One coverage question that becomes urgent at 65 is whether you still need medical payments (MedPay) or personal injury protection (PIP) coverage once Medicare becomes your primary health insurer. MedPay and PIP cover medical expenses for you and your passengers after an accident, regardless of fault, and are often bundled into auto policies as optional or required coverage depending on the state. Medicare covers accident-related injuries, but it may seek reimbursement from your auto insurance if the accident involved another party — this is called Medicare's right to recovery, and it can complicate claims. In states that require PIP (Florida, Michigan, New Jersey, and others), you can't drop the coverage even after enrolling in Medicare, though some states allow you to reduce PIP limits if you have qualifying health insurance. In states where MedPay is optional, the decision depends on your Medicare Supplement (Medigap) or Medicare Advantage plan. If your Medigap plan covers the Part B deductible and coinsurance, MedPay becomes redundant for your own injuries. However, MedPay still covers passengers in your vehicle who may not have health insurance or whose insurance includes high deductibles — if you regularly drive grandchildren, friends, or a spouse with different coverage, maintaining modest MedPay coverage ($2,000–$5,000) is often worth the $40–$80 annual cost. The coordination of benefits between Medicare and auto insurance matters because Medicare pays secondary to liability insurance in accidents involving another driver. If you're injured in an accident where the other driver is at fault, their liability coverage pays first, then Medicare covers remaining eligible expenses. If you're at fault or in a no-fault state, your PIP or MedPay pays first, then Medicare. Understanding this sequence before an accident happens prevents billing confusion and ensures you're not paying for overlapping coverage you'll never use.

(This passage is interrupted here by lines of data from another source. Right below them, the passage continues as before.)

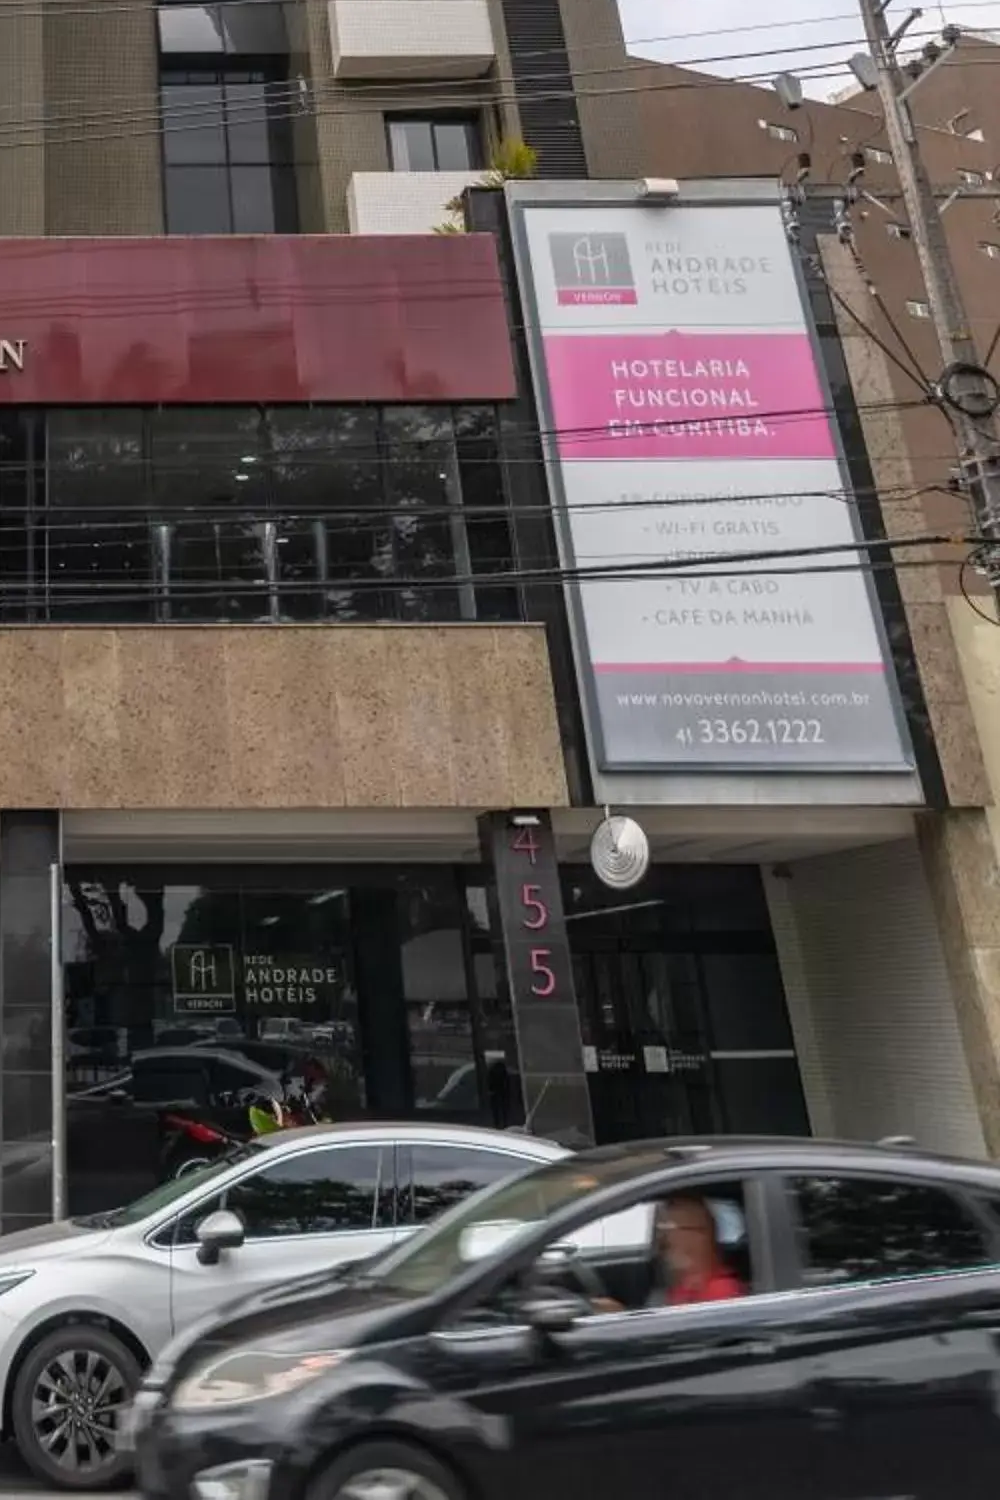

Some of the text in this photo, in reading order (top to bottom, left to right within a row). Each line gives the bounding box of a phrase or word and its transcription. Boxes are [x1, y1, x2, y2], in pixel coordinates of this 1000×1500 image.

[651, 256, 774, 274] ANDRADE
[611, 359, 750, 379] HOTELARIA
[614, 388, 760, 408] FUNCIONAL
[608, 419, 644, 438] EM
[678, 580, 701, 595] TV
[727, 580, 780, 595] CABO
[708, 609, 738, 625] DA
[699, 719, 826, 744] 3362.1222
[243, 955, 274, 966] REDE
[245, 968, 337, 984] ANDRADE
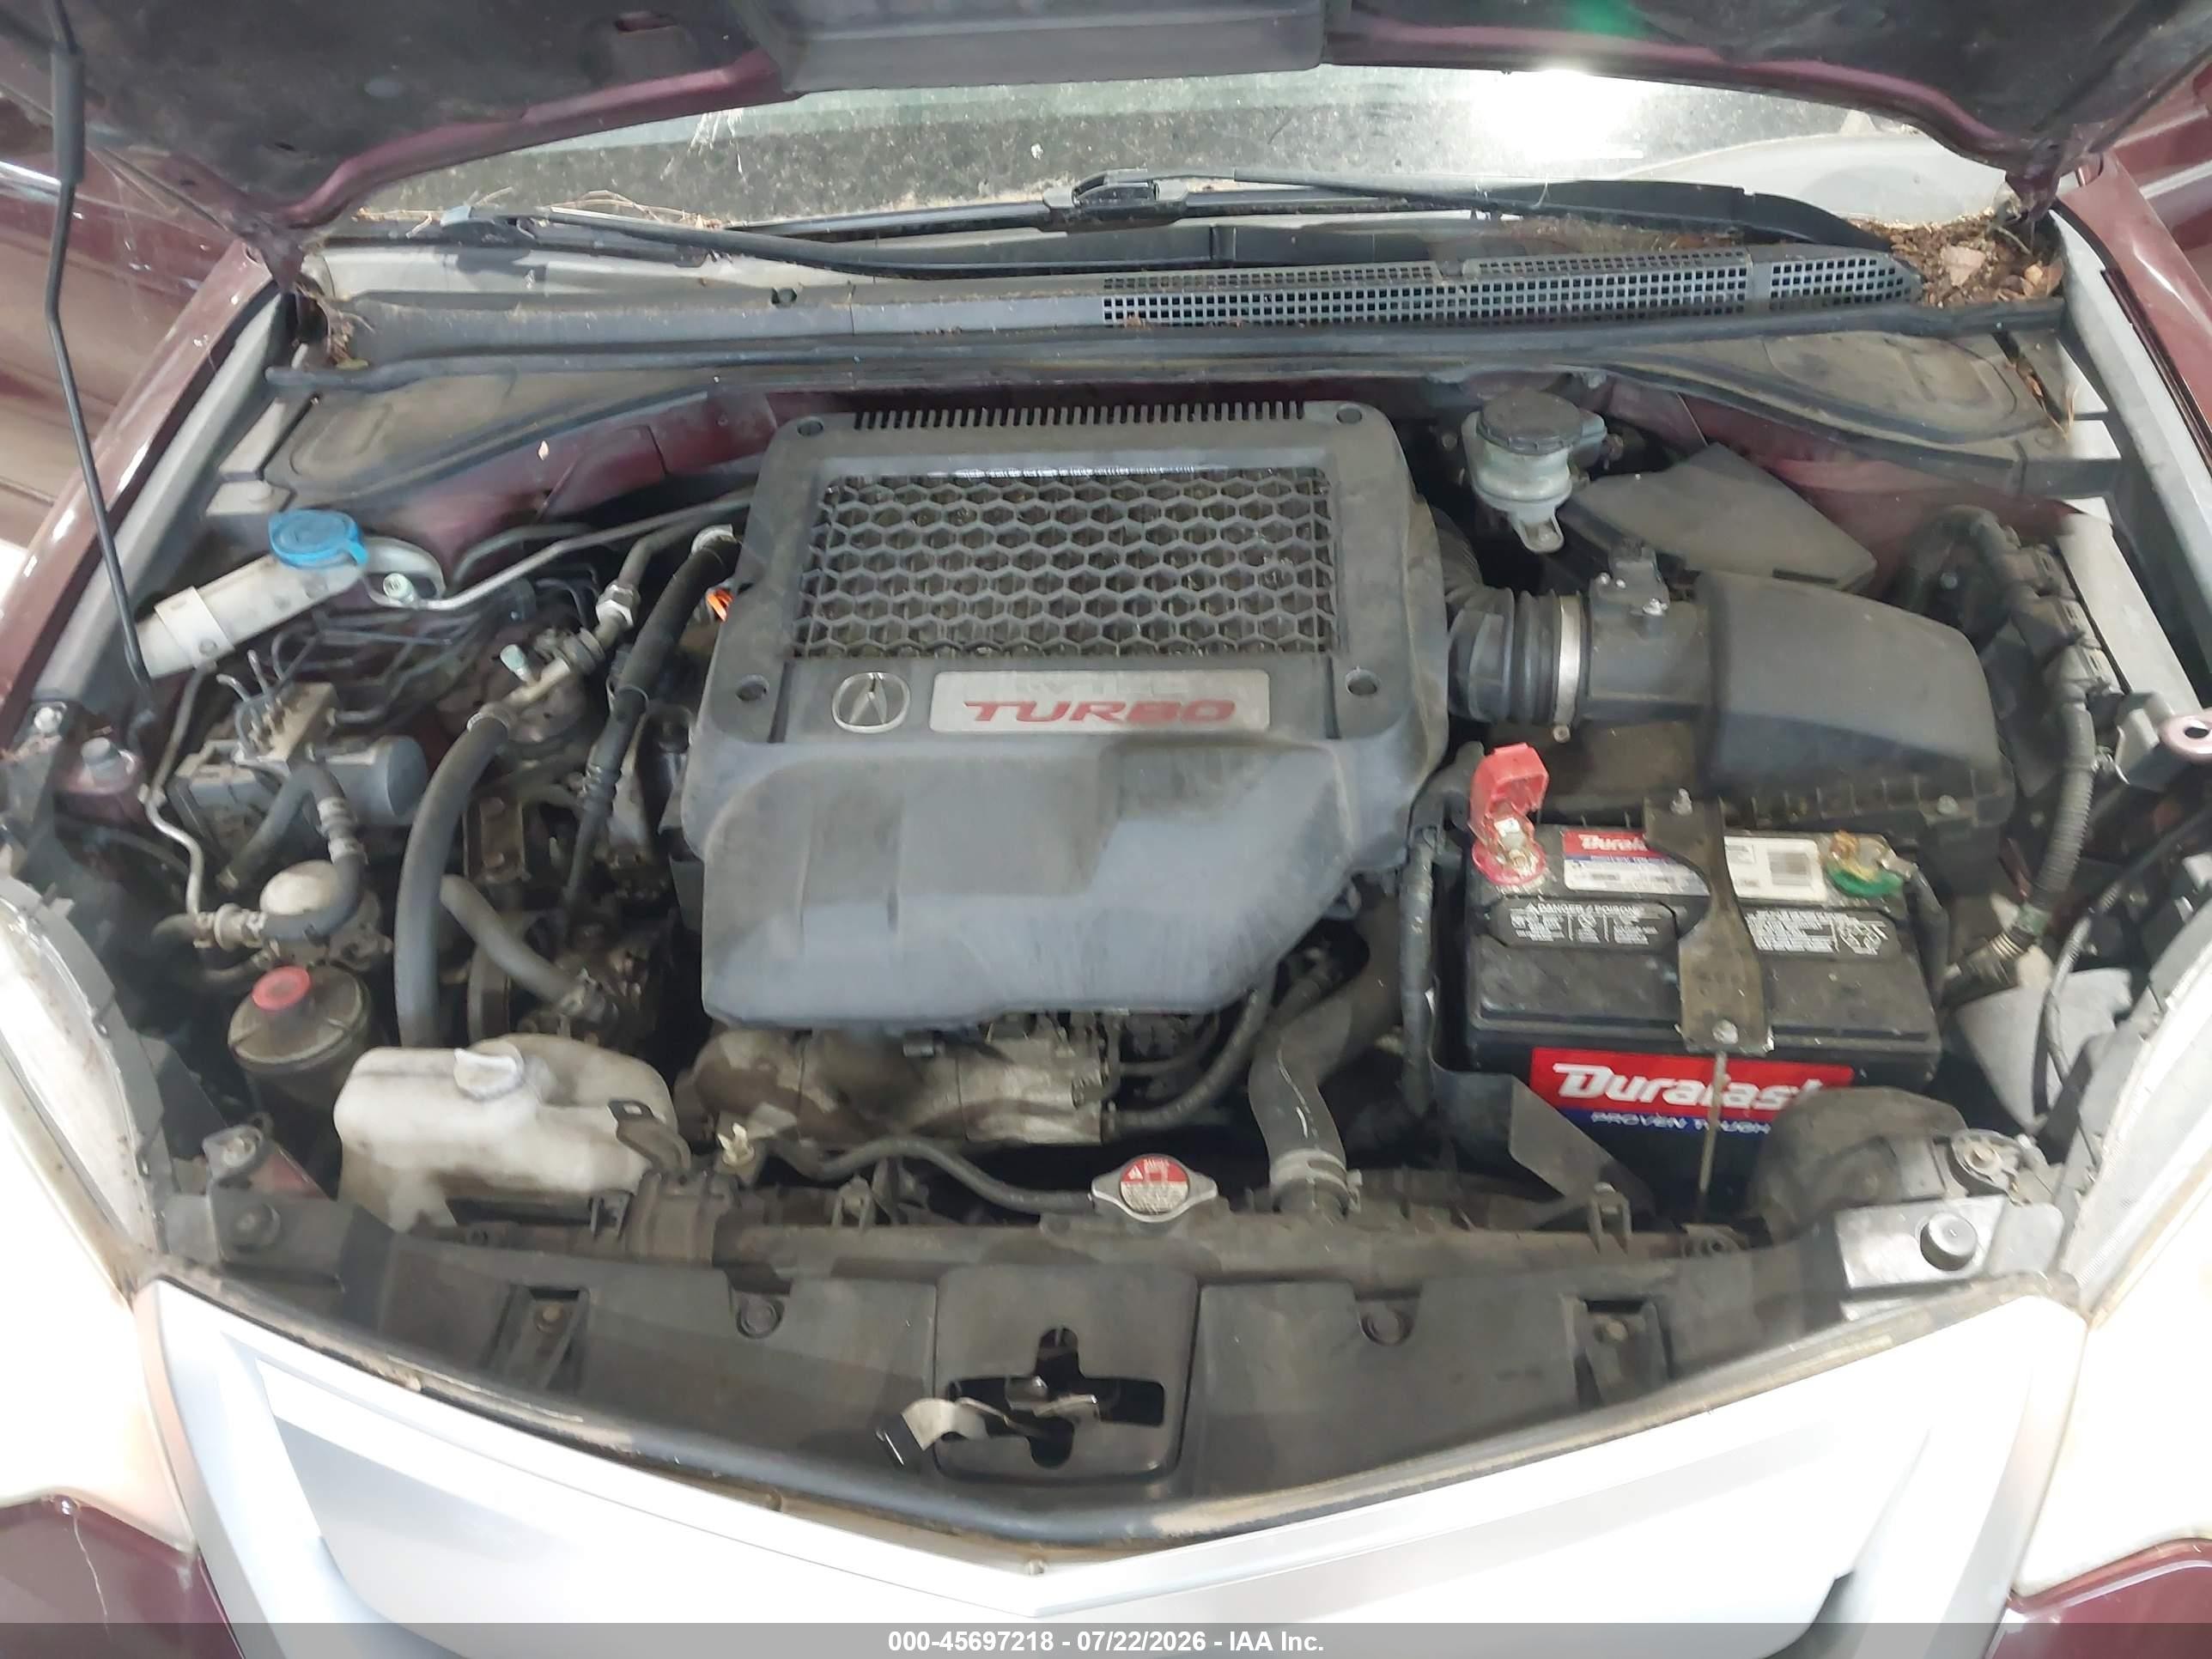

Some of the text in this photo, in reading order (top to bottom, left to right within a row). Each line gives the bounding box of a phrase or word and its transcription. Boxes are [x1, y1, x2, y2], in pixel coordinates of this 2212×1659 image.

What to Do Right Now If You're 60–64

If you're between 60 and 64, the most valuable action you can take is a coverage audit before your next renewal. Start by confirming your current annual mileage — if it's dropped since you retired or began working part-time, ask your insurer about low-mileage discounts or usage-based programs. This conversation takes less than 10 minutes and can reduce your premium by $100–$300 per year depending on how much your mileage has declined. If your insurer doesn't offer meaningful low-mileage savings, it's worth getting quotes from carriers that specialize in usage-based pricing. Next, check your eligibility for a mature driver course discount. If you're 55 or older, you likely qualify in your state, and completing the course before your next renewal ensures the discount applies immediately. AARP offers an online course (AARP Smart Driver) for $20 for members, $25 for non-members, that satisfies most state requirements and takes about four hours to complete at your own pace. AAA offers similar courses, as do state-approved private providers — confirm the course is approved in your state before enrolling, as not all online courses meet every state's certification standards. Finally, review your comprehensive and collision coverage in light of your vehicle's current value. If your car is worth less than $5,000 and you're paying more than $500 annually for comp and collision, the math rarely justifies full coverage unless you can't afford to replace the vehicle out of pocket. Request a quote showing liability-only coverage and compare the annual savings to the vehicle's actual cash value — if the savings exceed 15–20% of the car's worth, dropping full coverage and banking the premium difference often makes more financial sense for drivers on fixed income.